_Exercise_
Reproduce the records below exactly; the images should not appear.

(Annotated photo localization data)
◆ ◆ ◆ ◆ ◆

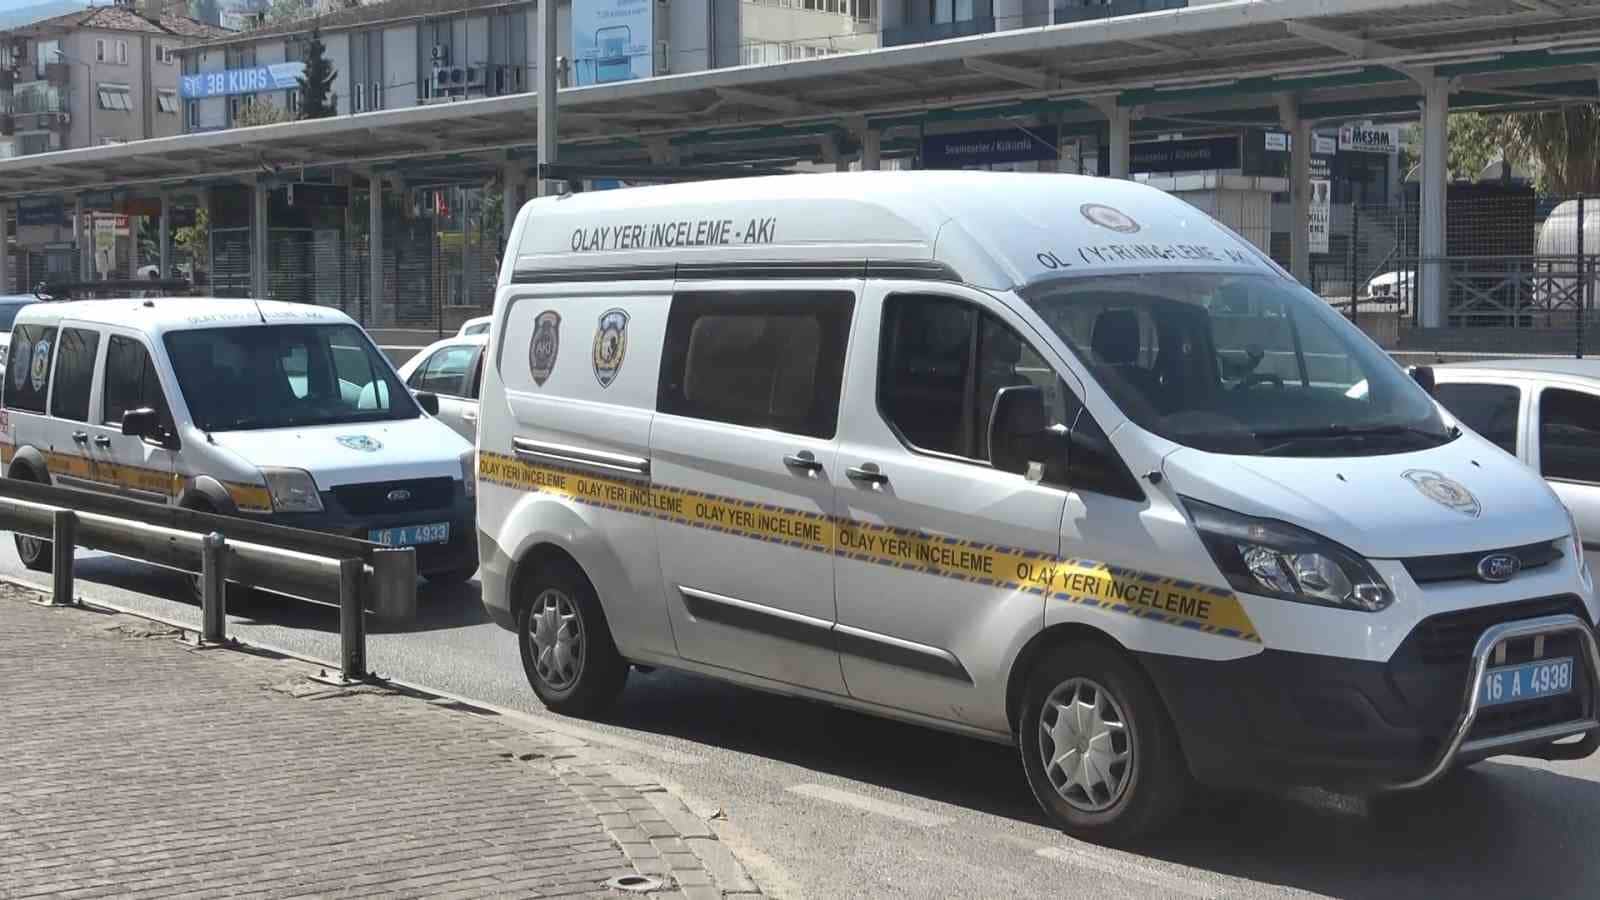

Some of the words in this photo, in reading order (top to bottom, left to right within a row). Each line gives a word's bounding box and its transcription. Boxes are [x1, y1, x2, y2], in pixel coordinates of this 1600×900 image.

[208, 73, 224, 94] 38
[229, 69, 267, 92] KURS
[1352, 127, 1390, 145] MESAM
[571, 227, 609, 251] OLAY
[378, 529, 392, 545] 16
[399, 530, 407, 543] A
[415, 524, 446, 543] 4933
[480, 460, 499, 476] OLAY
[577, 479, 602, 496] OLAY
[695, 503, 727, 522] OLAY
[839, 528, 876, 553] OLAY
[1016, 562, 1056, 585] OLAY
[1486, 673, 1503, 700] 16
[1511, 671, 1521, 696] A
[1531, 663, 1569, 693] 4938
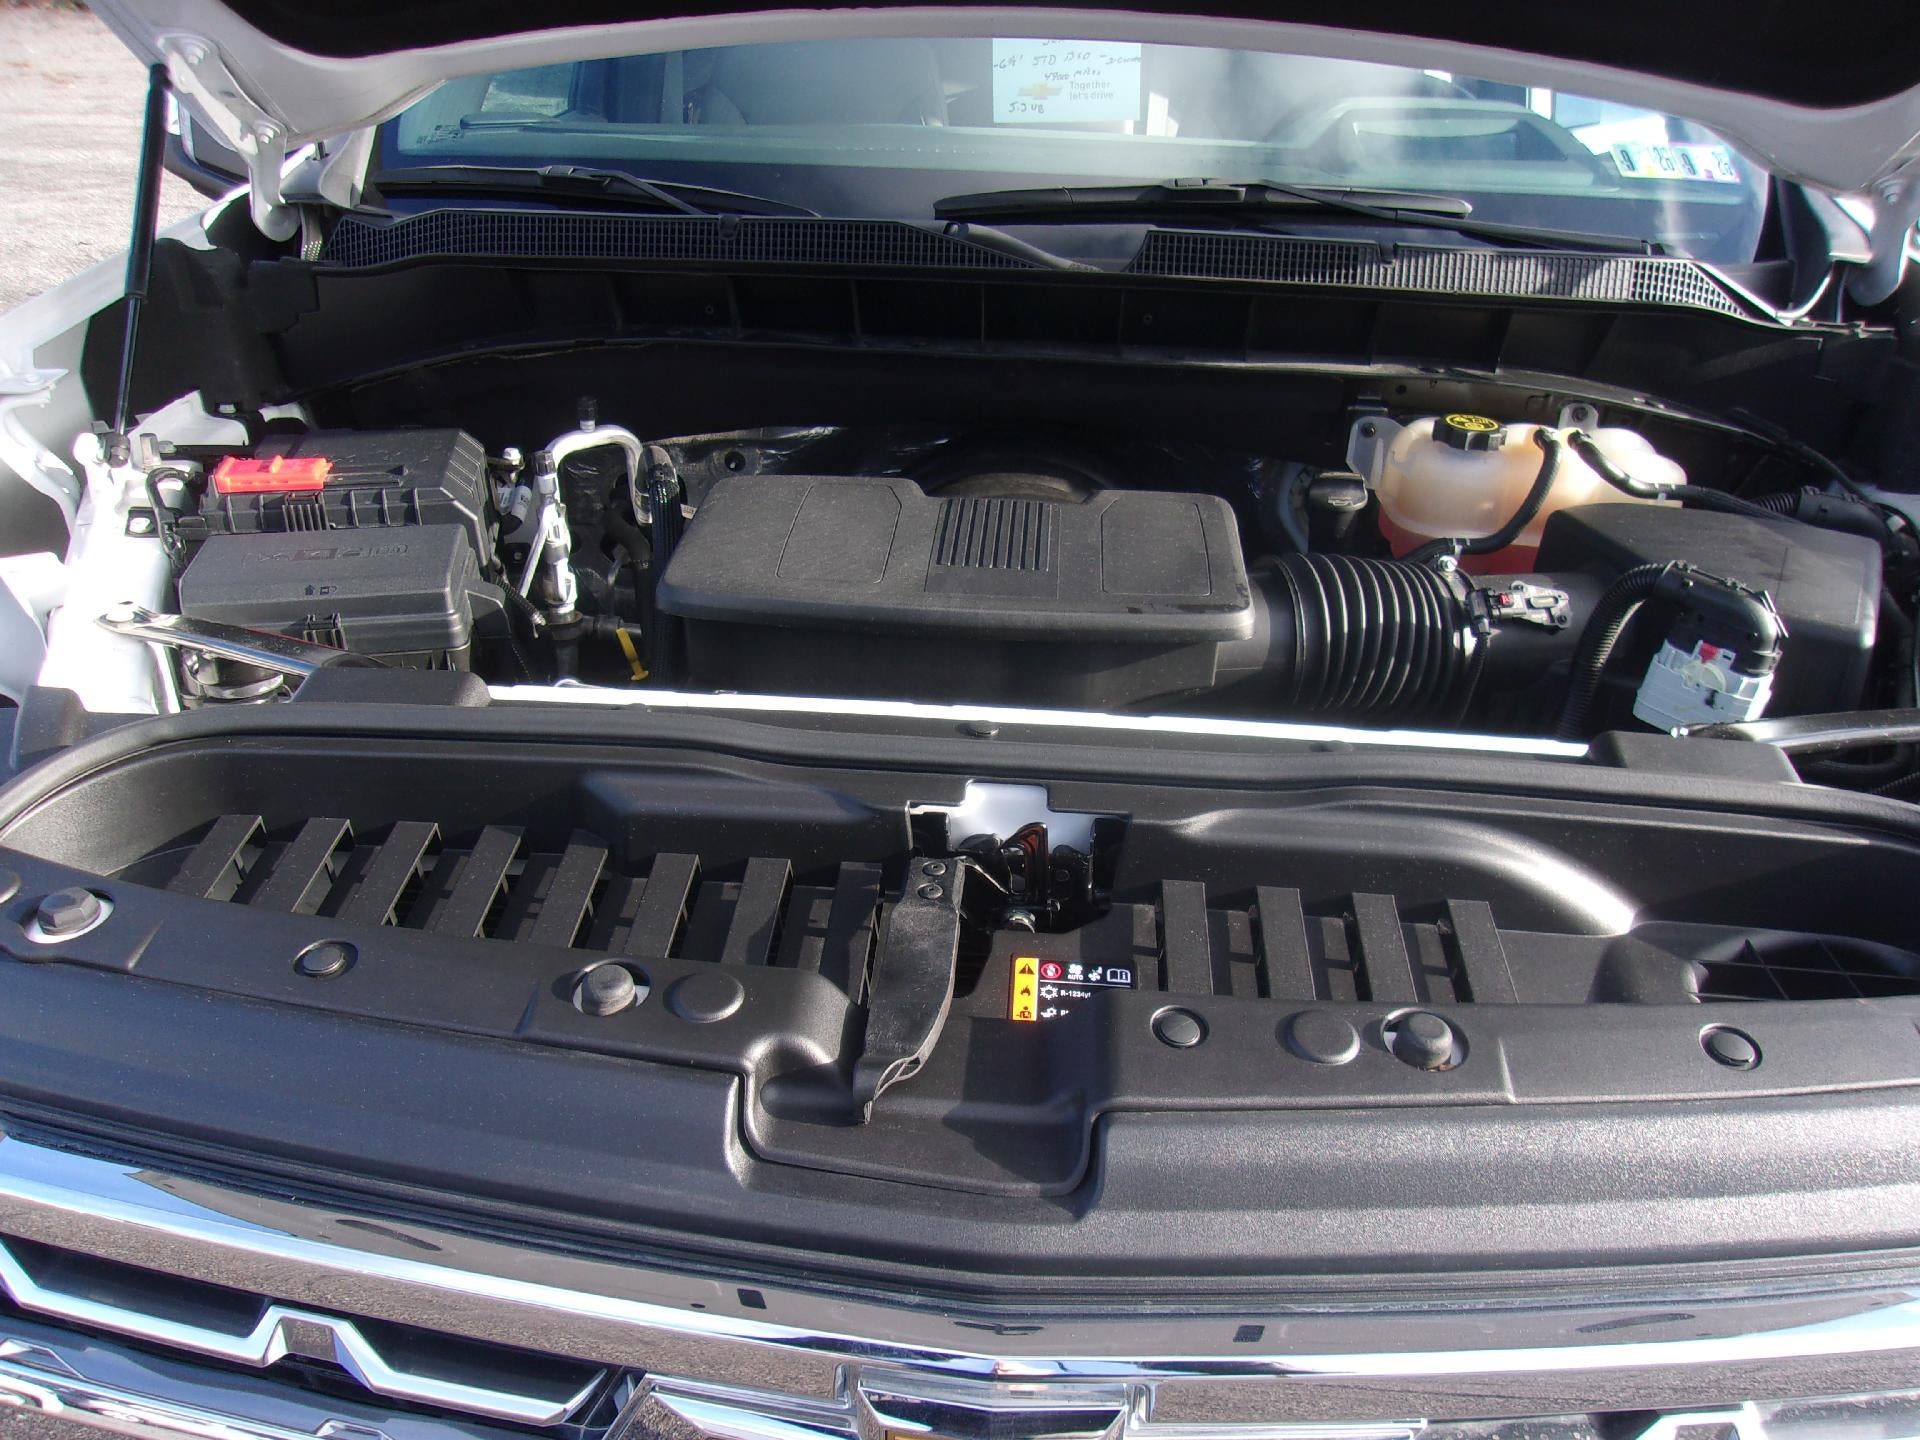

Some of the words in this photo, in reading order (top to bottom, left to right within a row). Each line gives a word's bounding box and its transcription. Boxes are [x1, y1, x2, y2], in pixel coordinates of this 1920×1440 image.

◆ ◆ ◆ ◆ ◆

_Response area_
Some of the words in this photo, in reading order (top to bottom, left to right within a row). Each line gives a word's bounding box and its transcription. Boxes are [x1, y1, x2, y2], in pixel coordinates of this 1600×900 image.

[208, 73, 224, 94] 38
[229, 69, 267, 92] KURS
[1352, 127, 1390, 145] MESAM
[571, 227, 609, 251] OLAY
[378, 529, 392, 545] 16
[399, 530, 407, 543] A
[415, 524, 446, 543] 4933
[480, 460, 499, 476] OLAY
[577, 479, 602, 496] OLAY
[695, 503, 727, 522] OLAY
[839, 528, 876, 553] OLAY
[1016, 562, 1056, 585] OLAY
[1486, 673, 1503, 700] 16
[1511, 671, 1521, 696] A
[1531, 663, 1569, 693] 4938

Some of the words in this photo, in reading order (top to bottom, left to right within a row). Each line gives a word's bounding box and its transcription. Boxes are [x1, y1, x2, y2], in pixel coordinates of this 1920×1440 image.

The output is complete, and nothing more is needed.